- Abbreviation: ICAA
- Classification: Western Christian
- Orientation: Independent Catholic
- Polity: Episcopal
- Moderator: Dante Luis Bergonzi Moreno
- Associations: Worldwide Communion of Catholic Apostolic Churches
- Region: Argentina
- Founder: Leonardo Morizio Domínguez
- Origin: 1971 Buenos Aires, Argentina
- Branched from: Brazilian Catholic Apostolic Church

= Argentine Catholic Apostolic Church =

Independent Catholic Christian church

The Argentine Catholic Apostolic Church (Iglesia Católica Apostólica Argentina, ICAA), also known as the Argentine National Church, is an Independent Catholic Christian church derived from the Brazilian Catholic Apostolic Church (ICAB). The ICAA was founded in 1971 in Buenos Aires by Leonardo Morizio Dominguez, with a clear right-wing political orientation and direct support from the ICAB.

==History==
"Like previous branches of ICAB, ICAA benefited from a political ‘moment’ characterized by social unrest, nationalism, right-wing extremism and anticlericalism. ICAA fitted in with the schemes of an influential government ‘advisor’ called José López Rega. He was nicknamed El Brujo–the Sorcerer or the Witchdoctor–for his love of the occult and the esoteric. ICAA became one of the Witchdoctor’s pet projects." Morizio Dominguez was consecrated as archbishop and primate in 1972 by Luigi Mascolo, then the head ICAB bishop. The ICAA styled itself as a national church and was briefly registered in the Registro Nacional de Cultos (Spanish for National Register of Religions) (1978-1981).

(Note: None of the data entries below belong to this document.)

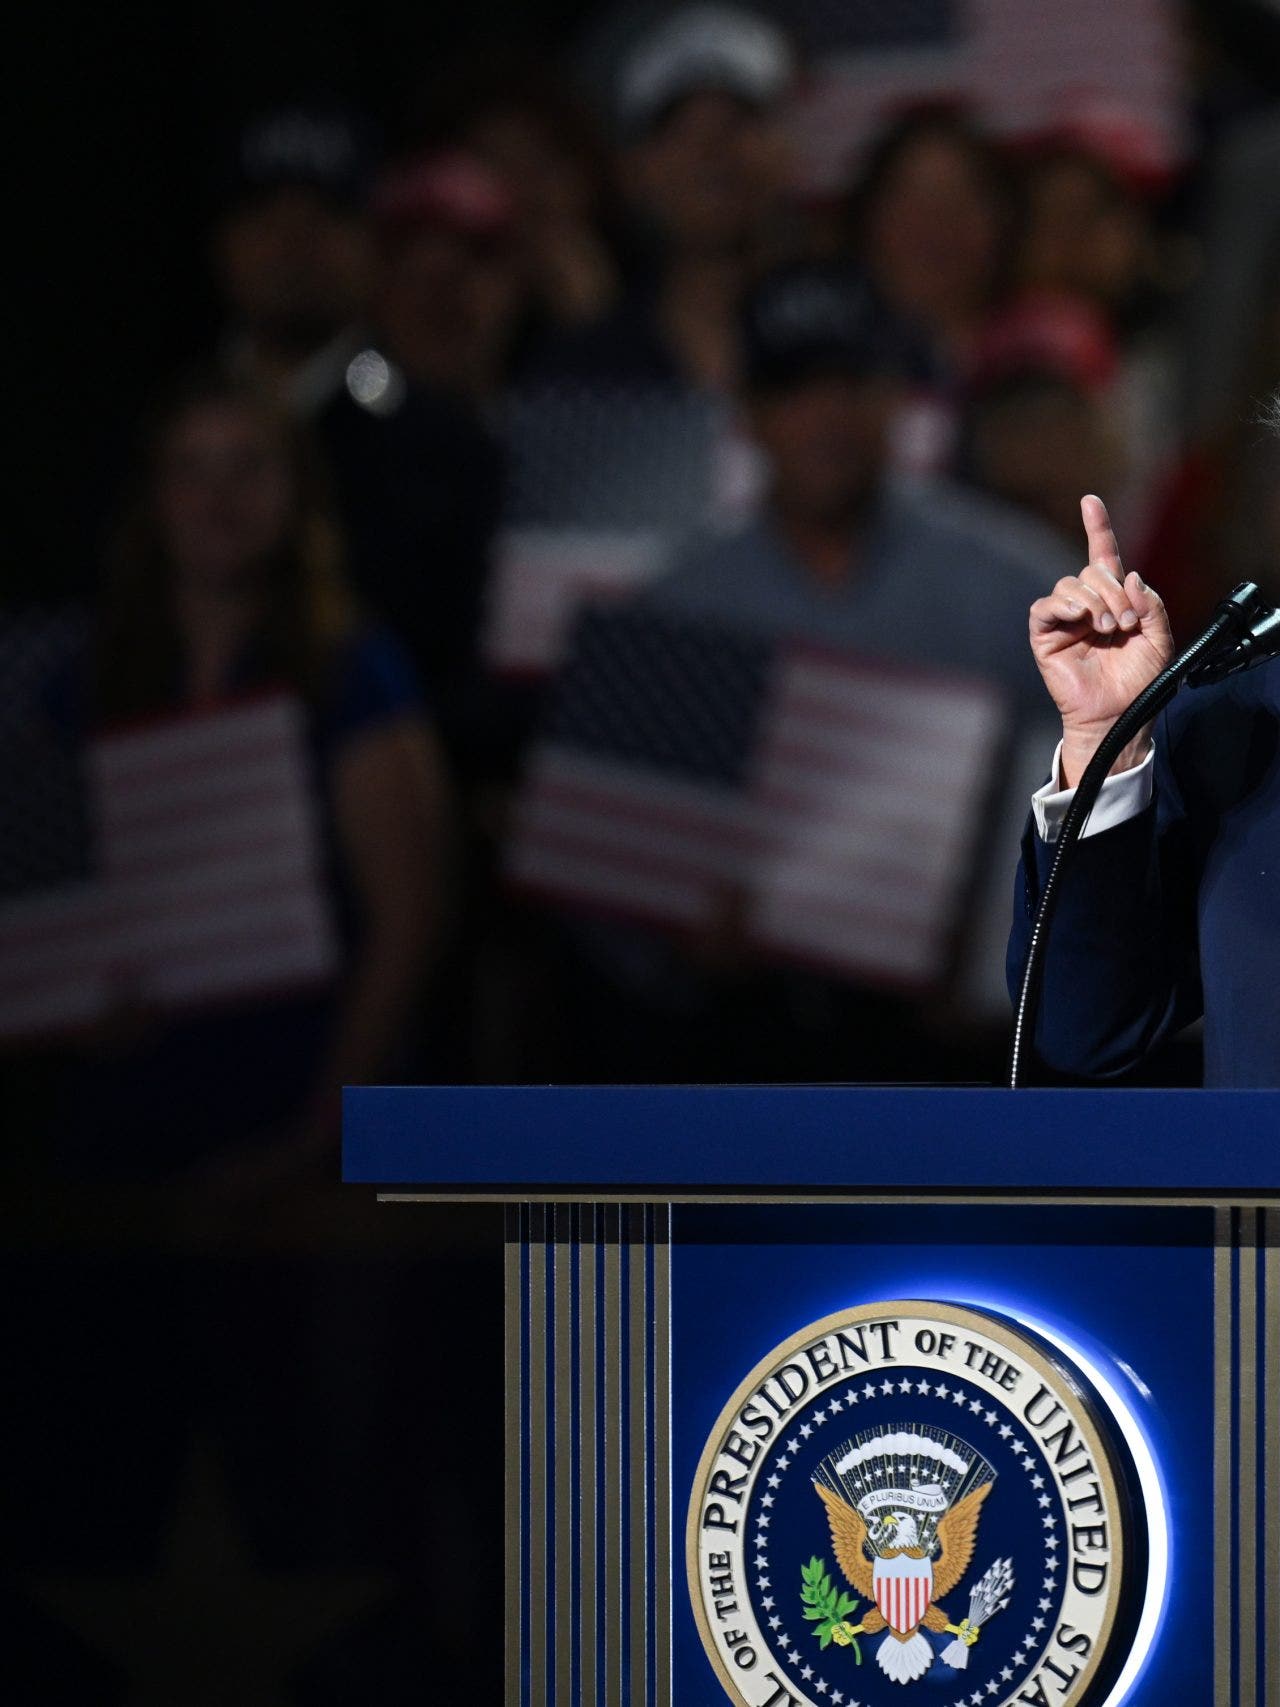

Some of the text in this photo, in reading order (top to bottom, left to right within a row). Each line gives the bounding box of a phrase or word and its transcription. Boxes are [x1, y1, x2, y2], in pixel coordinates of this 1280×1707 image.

[703, 1320, 1108, 1707] OF THE PRESIDENT OF THE UNITED STA
[861, 1491, 944, 1510] E PLURIBUS UNUM
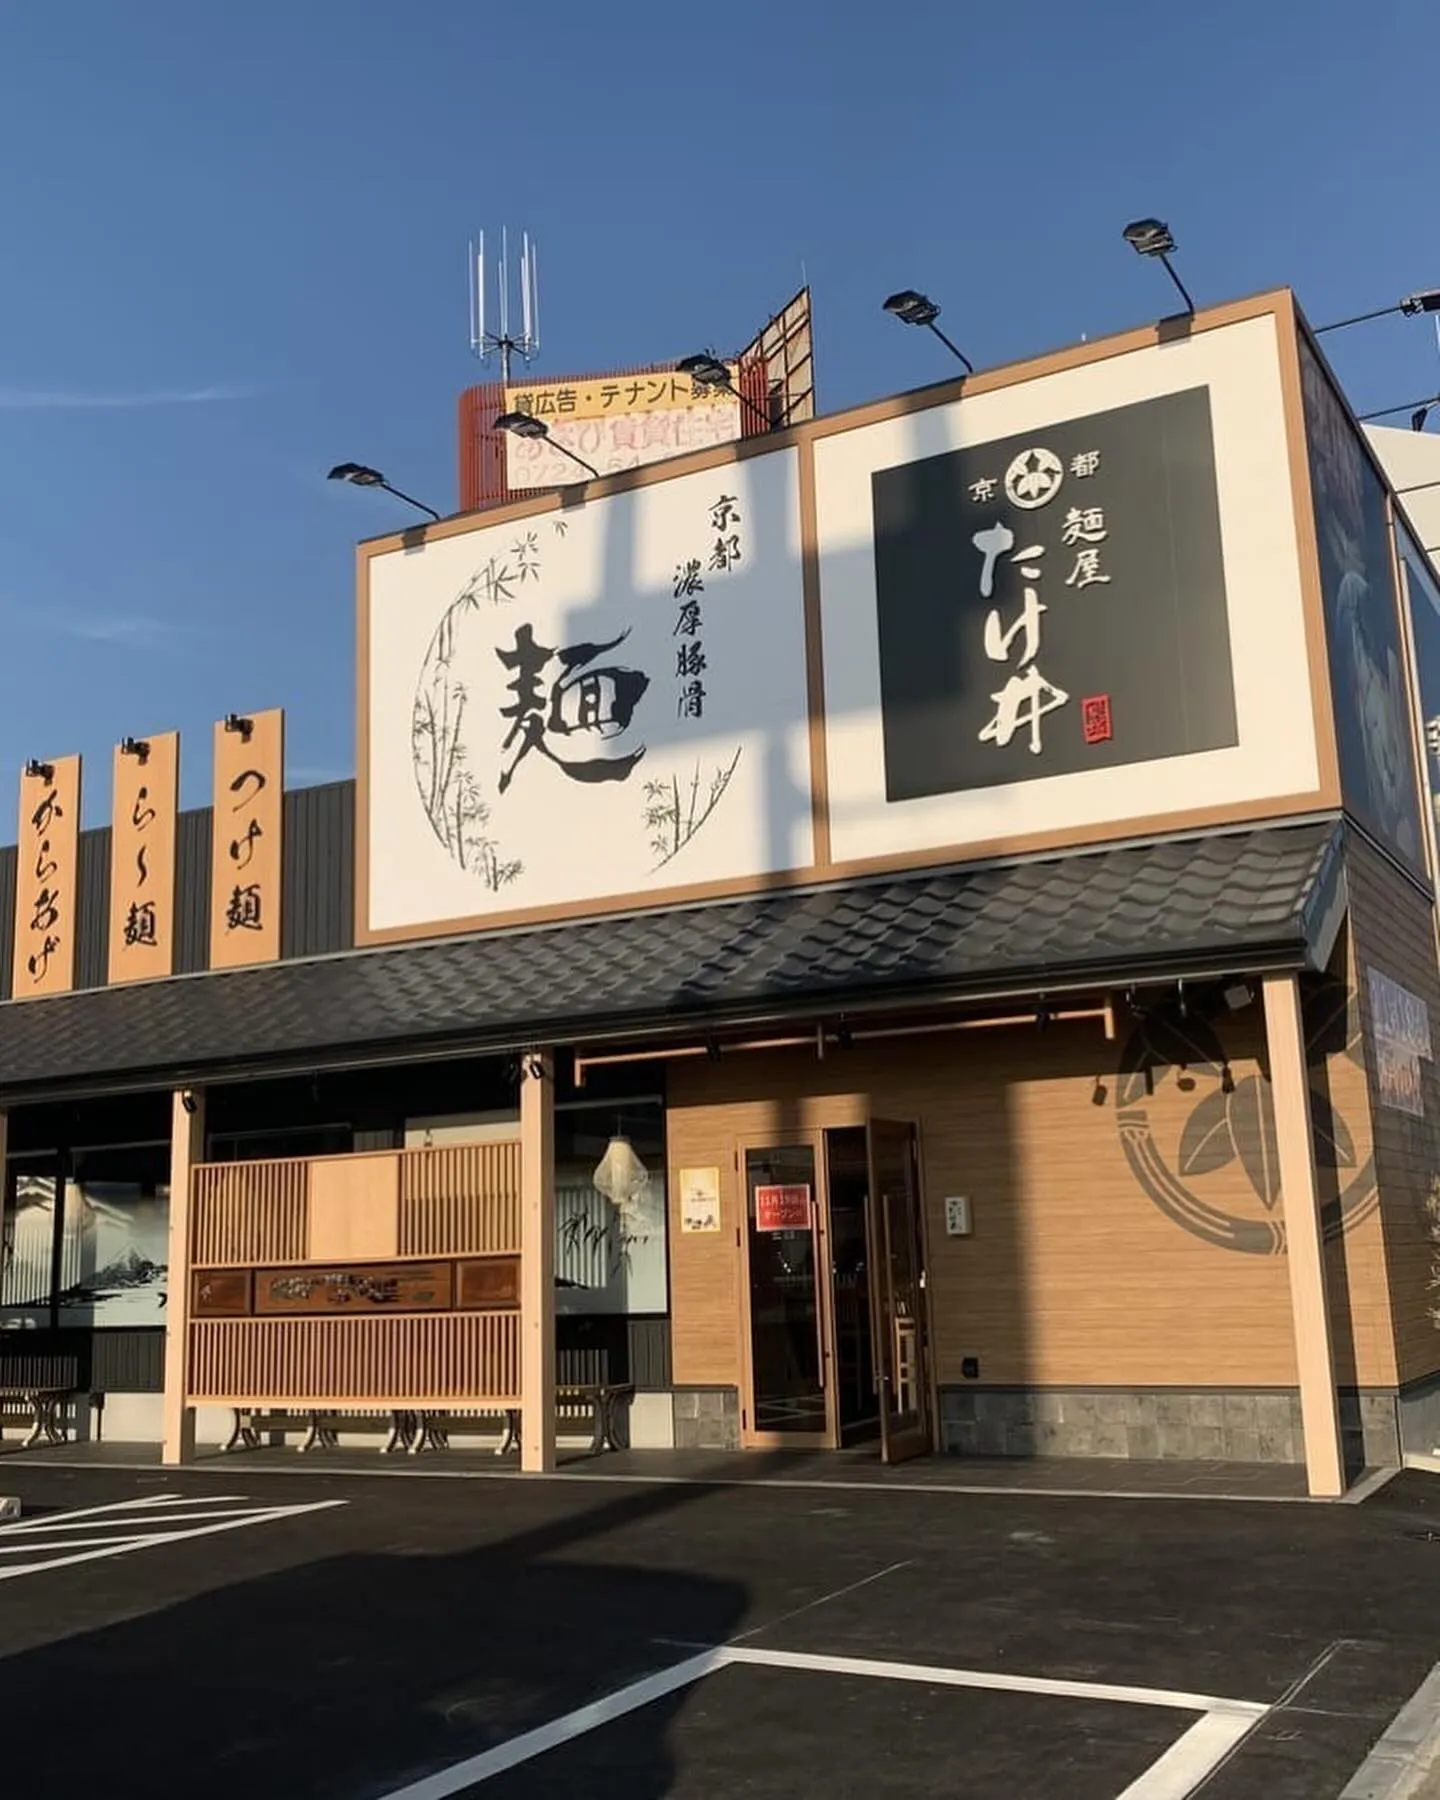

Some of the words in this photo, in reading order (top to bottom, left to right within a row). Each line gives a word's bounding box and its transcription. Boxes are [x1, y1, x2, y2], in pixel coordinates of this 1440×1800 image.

[708, 494, 742, 573] 京都
[1061, 506, 1112, 590] 麺屋
[494, 622, 652, 796] 麺
[672, 558, 708, 720] 濃厚豚骨
[971, 521, 1070, 755] たけ井
[28, 789, 63, 984] からあげ
[225, 770, 267, 936] つけ麺
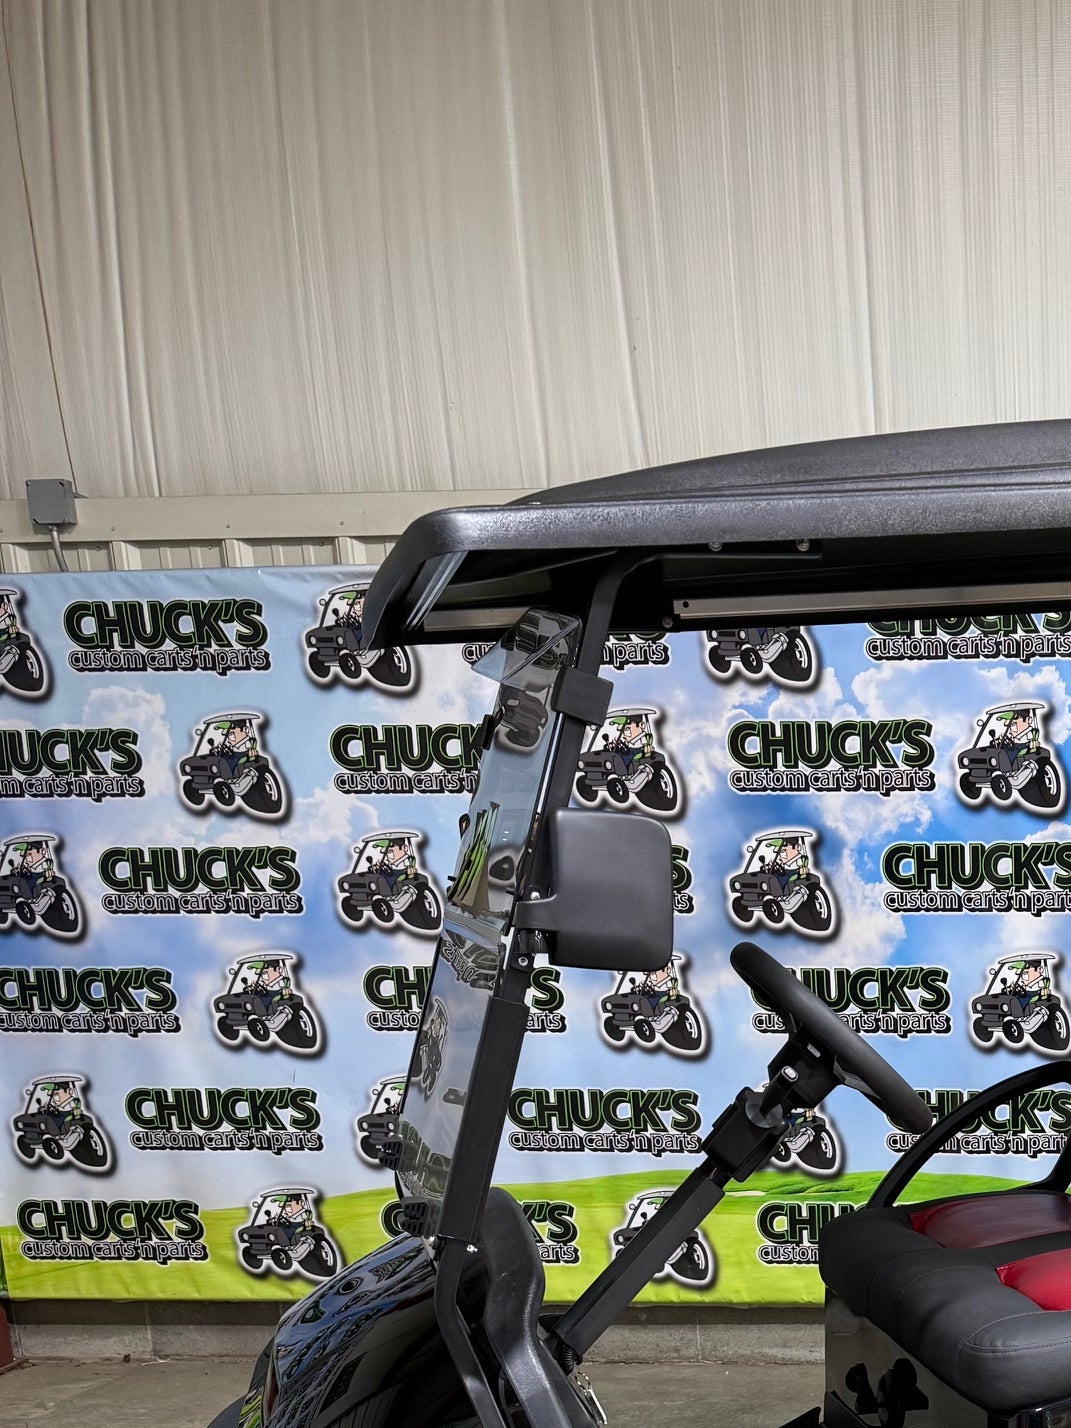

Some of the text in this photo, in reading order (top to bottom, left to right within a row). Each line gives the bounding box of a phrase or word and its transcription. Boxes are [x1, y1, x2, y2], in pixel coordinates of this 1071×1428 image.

[64, 598, 268, 648] CHUCK'S
[611, 641, 668, 669] parts
[866, 636, 945, 657] custom
[69, 649, 145, 670] custom
[216, 649, 270, 675] parts
[0, 728, 143, 776] UCK'S
[329, 724, 482, 771] CHUCK
[728, 719, 935, 769] CHUCK'S
[91, 775, 141, 801] parts
[335, 772, 410, 791] custom
[730, 769, 806, 790] custom
[879, 768, 932, 794] parts
[98, 846, 301, 893] CHUCK'S
[102, 893, 176, 912] custom
[249, 892, 300, 917] parts
[884, 890, 960, 910] custom
[751, 967, 950, 1013] UCK'S
[127, 1012, 178, 1036] parts
[367, 1010, 421, 1030] custo
[526, 1011, 563, 1030] arts
[897, 1012, 948, 1036] parts
[125, 1087, 321, 1131] CHUCK'S
[507, 1088, 702, 1133] CHUCK'S
[130, 1130, 200, 1148] custom
[269, 1130, 321, 1153] parts
[509, 1131, 581, 1150] custom
[651, 1132, 701, 1155] parts
[1028, 1133, 1068, 1156] part
[17, 1199, 205, 1240] CHUCK'S
[22, 1240, 90, 1258] custom
[157, 1240, 205, 1262] parts
[538, 1243, 578, 1262] arts
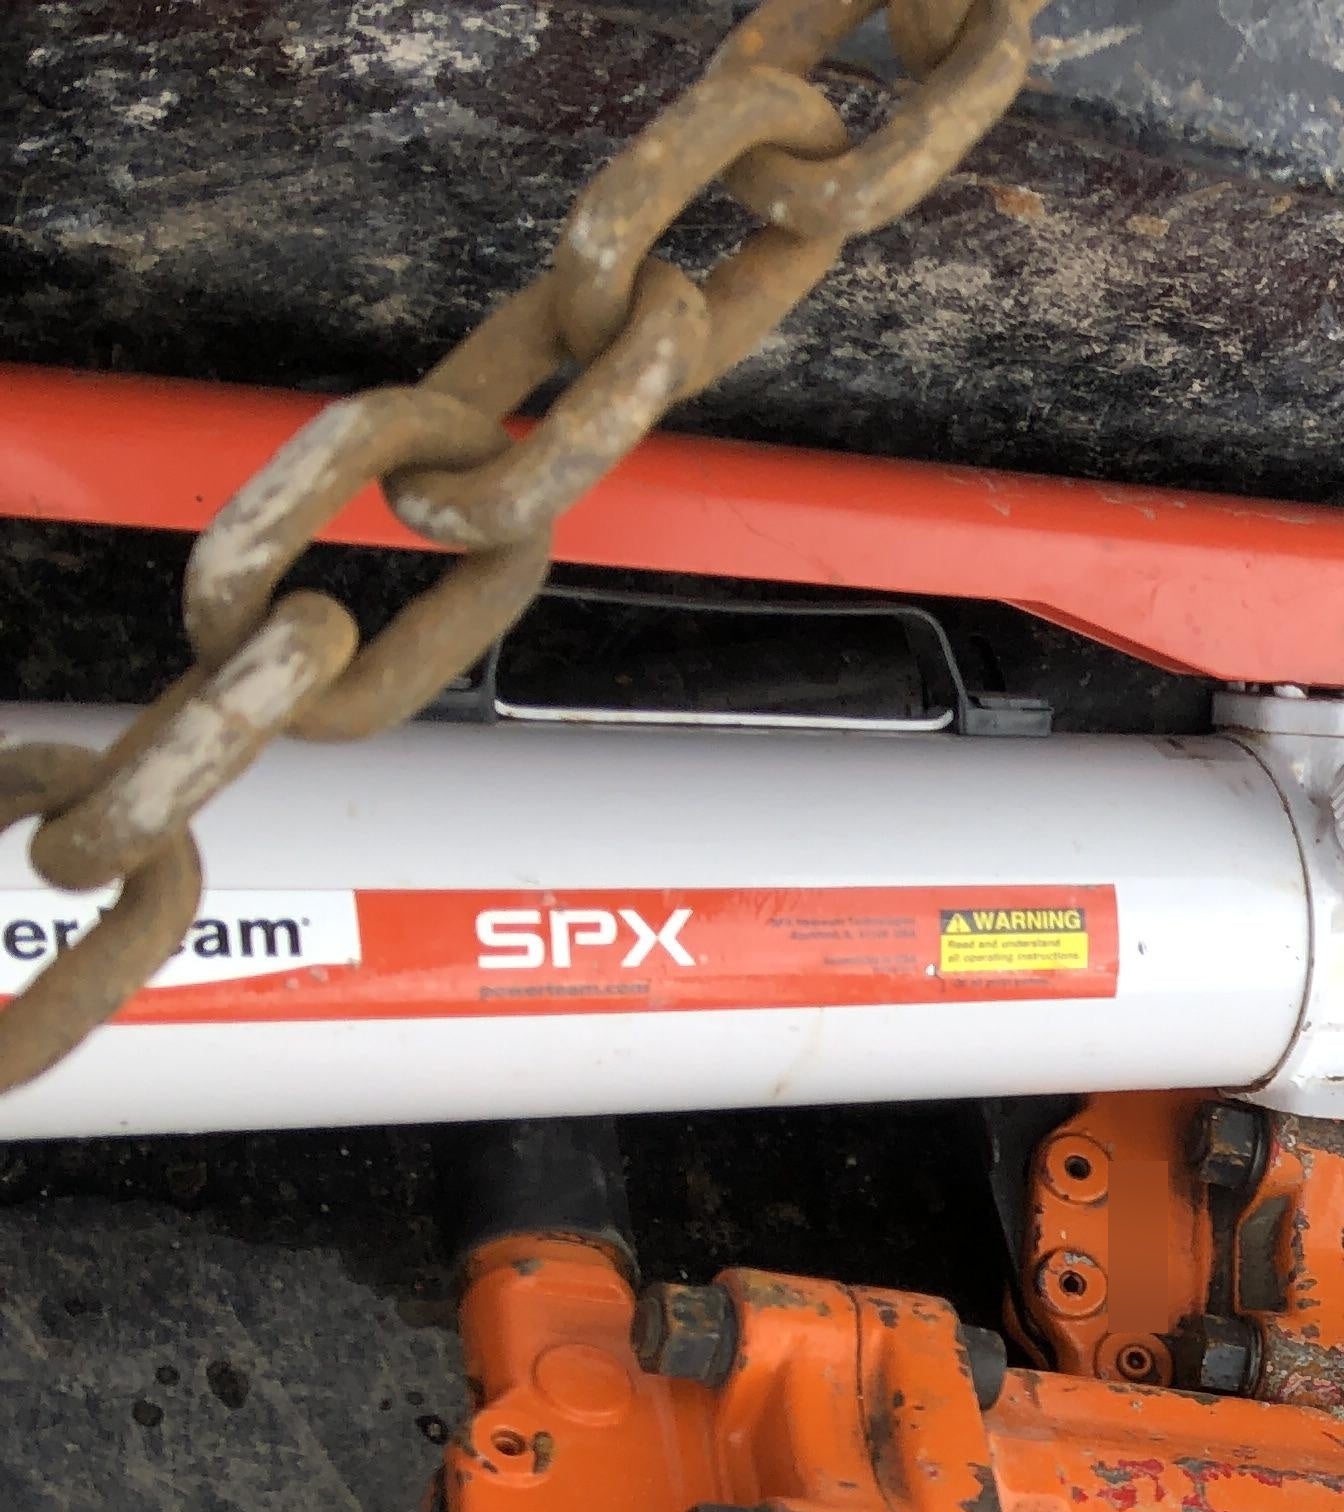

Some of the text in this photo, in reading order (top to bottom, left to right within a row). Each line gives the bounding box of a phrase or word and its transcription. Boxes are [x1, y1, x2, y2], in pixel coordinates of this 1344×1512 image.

[971, 909, 1082, 931] WARNING
[178, 916, 304, 958] am
[475, 907, 697, 969] SPX
[978, 939, 998, 948] and
[1001, 939, 1061, 948] understand
[963, 952, 1014, 964] operating

===Pedro Ruiz Badanelli===
In 1973 Pedro Ruiz Badanelli (1899–1985) was consecrated as an ICAA bishop by Morizio Dominguez. Badanelli was a notable former priest of the Roman Catholic Archdiocese of Santa Fe, Argentina, an academic canon lawyer, founder of university departments, and dissident Catholic supporter and friend of President Juan Perón. In 1958, Badanelli wrote, in his book Perón, La Iglesia y un Cura, that he rejected the idea of an Argentine state religion similar to the Church of England, and denied the rumour that in 1960 ICAB Bishop Carlos Duarte Costa clandestinely consecrated him in Buenos Aires. Nevertheless Badanelli later adhered to the ICAA.

===After the dictatorship===
The Argentine Catholic Apostolic Church began as a project of apparent religious support for right-wing extremism, but with the end of the National Reorganization Process (the last military dictatorship) in 1983, the ICAA was deregistered from the National Register of Religions. By this time Morizio Dominguez had consecrated José Eugenio Tenca Rusconi (c. 1930–2003), a former Roman Catholic priest, as a bishop, who in turn later consecrated many of the current ICAA bishops. In 1992 Tenca Rusconi ordained Dante Luis Bergonzi Moreno (1965–) to the priesthood and consecrated him as a bishop three years later. Bergonzi Moreno became the bishop–primate of ICAA. Tenca Rusconi also consecrated Ramón Frías, Eduardo Lencina, Gustavo Gabucci, and a Monsignor Arnedo as bishops. Bergonzi Moreno, in turn, has consecrated Carlos Walter Vich Pizarro and Carlos Adrian Guedes Dominguez as bishops.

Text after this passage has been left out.